Northam Grants Voting Rights to 11,000 Convicted Felons

Embroiled in a racism scandal for his yearbook photos and facing severe backlash for his comments on late-term and post-birth abortion, Governor Ralph Northam is trying to carry on with business as usual.

He’s already stated to the public that he’s not going anywhere.

Now, his office has just announced they’ve restored the rights of 11,000 convicted felons.

Governor Northam made this announcement just after the one-year mark of his taking office.

Rights restored to felons included the right to vote, serve on a jury, run for public office and become a notary public.

Northam’s statement did not clarify whether these rights were restored to persons convicted of voter fraud.

Restoring Rights to Felons Has Been In The Works For Years

According to Northam’s public release, the process of streamlining the restoration of rights has been in the works for several years.

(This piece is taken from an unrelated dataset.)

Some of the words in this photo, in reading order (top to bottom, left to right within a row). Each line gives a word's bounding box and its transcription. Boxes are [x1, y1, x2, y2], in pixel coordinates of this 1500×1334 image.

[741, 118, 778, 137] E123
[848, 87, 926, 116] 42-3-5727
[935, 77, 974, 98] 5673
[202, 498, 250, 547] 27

“A number of reforms have been made to the restoration of rights process over the last six years, starting with Governor Robert McDonnell’s initiative in 2013 to streamline the process for non-violent felons.”

Assuming office after McDonnell, Terry McAulliffe pushed the envelope of this executive power by using an autopen to restore rights to felons, ultimately totaling 173,166.

While not the first state to grant rights back to convicted felons, the past two Virginia governors, both Democrats, have been adamant about pursuing the process through the executive.

States like Florida elected to grant the right to vote to 1.5 million convicted felons in November of 2018.

However, this has not been the case in Virginia.

Despite the Democrats’ success in pushing through Medicaid expansion last year by pulling in moderate Republicans, seeking a compromise on restoring felons’ rights was not on their priority agenda.

For now, Democrats seem content to restore the rights of tens of thousands at a time by the executive, while waiting to take power in the legislature.

And with court-ordered redistricting functionally granting the Democrats enough seats to take the majority this November, the party may not have to wait long.